Quoique la mode proscrive peut-être l’usage patriarcal des dédicaces, je te prie, frère et ami, d’accepter celle d’un conte qui n’est pas nouveau pour toi. Je l’ai recueilli en partie dans les chaumières de notre Vallée noire. Puissions-nous vivre et mourir là, en redisant chaque soir notre invocation chérie :

Sancta Simplicitas !
George Sand.

Sur les confins de la Manche et du Berry, dans le pays qu’on appelle la Varenne, et qui n’est qu’une vaste lande coupée de bois de chênes et de châtaigniers, on trouve, au plus fourré et au plus désert de la contrée, un petit château en ruines, tapi dans un ravin, et dont on ne découvre les tourelles ébréchées qu’à environ cent pas de la herse principale. Les arbres séculaires qui l’entourent et les roches éparses qui le dominent l’ensevelissent dans une perpétuelle obscurité, et c’est tout au plus si, en plein midi, on peut franchir le sentier abandonné qui y mène, sans se heurter contre les troncs noueux et les décombres qui l’obstruent à chaque pas. Ce sombre ravin et ce triste castel, c’est la Roche-Mauprat.

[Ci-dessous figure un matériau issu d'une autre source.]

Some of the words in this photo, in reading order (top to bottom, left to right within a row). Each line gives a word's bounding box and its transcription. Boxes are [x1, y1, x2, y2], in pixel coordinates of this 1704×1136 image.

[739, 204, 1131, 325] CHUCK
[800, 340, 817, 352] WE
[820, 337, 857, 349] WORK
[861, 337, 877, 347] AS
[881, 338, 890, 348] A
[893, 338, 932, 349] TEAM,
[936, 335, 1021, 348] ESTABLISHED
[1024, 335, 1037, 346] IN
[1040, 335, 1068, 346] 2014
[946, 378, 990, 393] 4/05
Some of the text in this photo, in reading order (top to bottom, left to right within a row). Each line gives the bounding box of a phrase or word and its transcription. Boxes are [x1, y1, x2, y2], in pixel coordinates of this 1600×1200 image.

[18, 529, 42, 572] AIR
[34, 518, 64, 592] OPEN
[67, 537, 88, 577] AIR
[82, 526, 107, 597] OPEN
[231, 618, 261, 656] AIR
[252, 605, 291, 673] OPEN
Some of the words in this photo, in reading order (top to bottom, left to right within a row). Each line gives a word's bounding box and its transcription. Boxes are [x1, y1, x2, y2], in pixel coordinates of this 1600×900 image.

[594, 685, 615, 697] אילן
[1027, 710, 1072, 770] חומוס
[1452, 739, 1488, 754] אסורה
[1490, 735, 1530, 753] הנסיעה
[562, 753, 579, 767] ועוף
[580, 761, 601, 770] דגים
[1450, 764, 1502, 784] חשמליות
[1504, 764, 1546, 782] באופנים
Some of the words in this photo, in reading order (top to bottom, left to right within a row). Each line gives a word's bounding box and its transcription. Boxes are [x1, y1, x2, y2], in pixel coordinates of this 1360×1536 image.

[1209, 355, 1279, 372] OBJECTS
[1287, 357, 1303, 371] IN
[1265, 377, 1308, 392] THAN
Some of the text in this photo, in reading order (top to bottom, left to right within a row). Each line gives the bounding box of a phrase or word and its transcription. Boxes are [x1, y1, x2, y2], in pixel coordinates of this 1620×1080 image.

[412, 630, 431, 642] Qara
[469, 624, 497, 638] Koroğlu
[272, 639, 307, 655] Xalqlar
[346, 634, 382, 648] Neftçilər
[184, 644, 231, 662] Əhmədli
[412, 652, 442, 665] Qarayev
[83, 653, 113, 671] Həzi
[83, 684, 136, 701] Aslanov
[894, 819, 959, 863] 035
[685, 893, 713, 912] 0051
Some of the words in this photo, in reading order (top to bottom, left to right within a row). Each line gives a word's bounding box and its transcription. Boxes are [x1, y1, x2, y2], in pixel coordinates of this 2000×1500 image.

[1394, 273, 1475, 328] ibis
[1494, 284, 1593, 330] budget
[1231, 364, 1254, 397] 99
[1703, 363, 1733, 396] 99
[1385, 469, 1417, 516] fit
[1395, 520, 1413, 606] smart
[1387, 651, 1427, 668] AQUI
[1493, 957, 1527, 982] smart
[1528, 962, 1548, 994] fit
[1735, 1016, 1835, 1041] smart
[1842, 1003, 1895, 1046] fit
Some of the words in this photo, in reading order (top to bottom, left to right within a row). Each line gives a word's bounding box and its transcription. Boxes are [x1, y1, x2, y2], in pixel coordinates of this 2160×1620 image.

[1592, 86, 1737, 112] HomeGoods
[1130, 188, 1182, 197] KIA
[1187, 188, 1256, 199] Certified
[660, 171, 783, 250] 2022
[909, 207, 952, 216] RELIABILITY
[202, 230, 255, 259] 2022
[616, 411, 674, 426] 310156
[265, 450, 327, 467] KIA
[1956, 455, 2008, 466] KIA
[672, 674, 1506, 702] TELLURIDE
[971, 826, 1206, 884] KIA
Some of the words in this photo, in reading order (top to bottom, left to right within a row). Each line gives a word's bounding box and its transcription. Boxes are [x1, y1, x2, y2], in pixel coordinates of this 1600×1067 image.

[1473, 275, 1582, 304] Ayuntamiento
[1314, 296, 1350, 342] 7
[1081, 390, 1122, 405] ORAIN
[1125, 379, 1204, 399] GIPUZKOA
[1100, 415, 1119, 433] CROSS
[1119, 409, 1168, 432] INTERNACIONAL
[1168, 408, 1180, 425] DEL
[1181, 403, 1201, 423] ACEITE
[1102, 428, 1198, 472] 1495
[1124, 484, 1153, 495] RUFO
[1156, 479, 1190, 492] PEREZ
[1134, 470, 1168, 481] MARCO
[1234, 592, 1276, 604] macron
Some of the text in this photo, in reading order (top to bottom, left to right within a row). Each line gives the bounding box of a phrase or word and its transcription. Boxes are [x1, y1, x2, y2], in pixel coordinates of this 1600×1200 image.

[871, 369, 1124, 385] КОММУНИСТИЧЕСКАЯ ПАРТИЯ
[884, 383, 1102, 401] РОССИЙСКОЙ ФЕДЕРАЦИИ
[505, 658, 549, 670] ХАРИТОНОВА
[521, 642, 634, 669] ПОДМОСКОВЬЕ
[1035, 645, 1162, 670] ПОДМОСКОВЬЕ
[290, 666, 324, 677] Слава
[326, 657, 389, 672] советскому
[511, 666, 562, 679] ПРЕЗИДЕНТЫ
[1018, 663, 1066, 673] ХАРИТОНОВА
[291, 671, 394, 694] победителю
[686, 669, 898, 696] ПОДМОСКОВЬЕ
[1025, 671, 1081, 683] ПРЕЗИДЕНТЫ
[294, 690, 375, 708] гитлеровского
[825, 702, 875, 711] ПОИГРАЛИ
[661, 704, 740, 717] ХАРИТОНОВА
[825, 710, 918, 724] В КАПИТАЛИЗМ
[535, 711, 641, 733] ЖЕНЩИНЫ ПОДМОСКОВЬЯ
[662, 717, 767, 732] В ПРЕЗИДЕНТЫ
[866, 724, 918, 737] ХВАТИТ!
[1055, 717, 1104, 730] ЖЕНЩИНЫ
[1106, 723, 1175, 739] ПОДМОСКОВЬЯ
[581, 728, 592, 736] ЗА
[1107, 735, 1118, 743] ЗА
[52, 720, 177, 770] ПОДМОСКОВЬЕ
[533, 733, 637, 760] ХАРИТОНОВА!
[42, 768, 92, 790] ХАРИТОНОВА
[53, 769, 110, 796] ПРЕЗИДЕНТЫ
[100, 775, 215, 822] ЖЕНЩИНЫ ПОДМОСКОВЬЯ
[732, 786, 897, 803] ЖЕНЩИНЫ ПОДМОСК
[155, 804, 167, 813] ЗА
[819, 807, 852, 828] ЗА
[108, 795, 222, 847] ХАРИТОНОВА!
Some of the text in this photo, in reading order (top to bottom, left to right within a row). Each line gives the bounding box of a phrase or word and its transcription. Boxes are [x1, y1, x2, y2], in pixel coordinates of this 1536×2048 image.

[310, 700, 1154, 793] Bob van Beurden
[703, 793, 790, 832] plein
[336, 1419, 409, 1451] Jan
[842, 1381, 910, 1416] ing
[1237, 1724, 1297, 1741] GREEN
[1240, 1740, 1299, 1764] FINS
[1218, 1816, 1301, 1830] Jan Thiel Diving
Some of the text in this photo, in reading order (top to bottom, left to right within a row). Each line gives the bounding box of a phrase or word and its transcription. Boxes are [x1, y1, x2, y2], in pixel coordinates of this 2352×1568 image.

Il n’y a pas longtemps que le dernier des Mauprat, à qui cette propriété tomba en héritage, en fit enlever la toiture et vendre tous les bois de charpente ; puis, comme s’il eût voulu donner un soufflet à la mémoire de ses ancêtres, il fit jeter à terre le portail, éventrer la tour du nord, fendre de haut en bas le mur d’enceinte, et partit avec ses ouvriers, secouant la poussière de ses pieds, et abandonnant son domaine aux renards, aux orfraies et aux vipères. Depuis ce temps, quand les bûcherons et les charbonniers qui habitent les huttes éparses aux environs passent dans la journée sur le haut du ravin de la Roche-Mauprat, ils sifflent d’un air arrogant ou envoient à ces ruines quelque énergique malédiction ; mais quand le jour baisse et que l’engoulevent commence à glapir du haut des meurtrières, bûcherons et charbonniers passent en silence, pressant le pas, et de temps en temps font un signe de croix pour conjurer les mauvais esprits qui règnent sur ces ruines.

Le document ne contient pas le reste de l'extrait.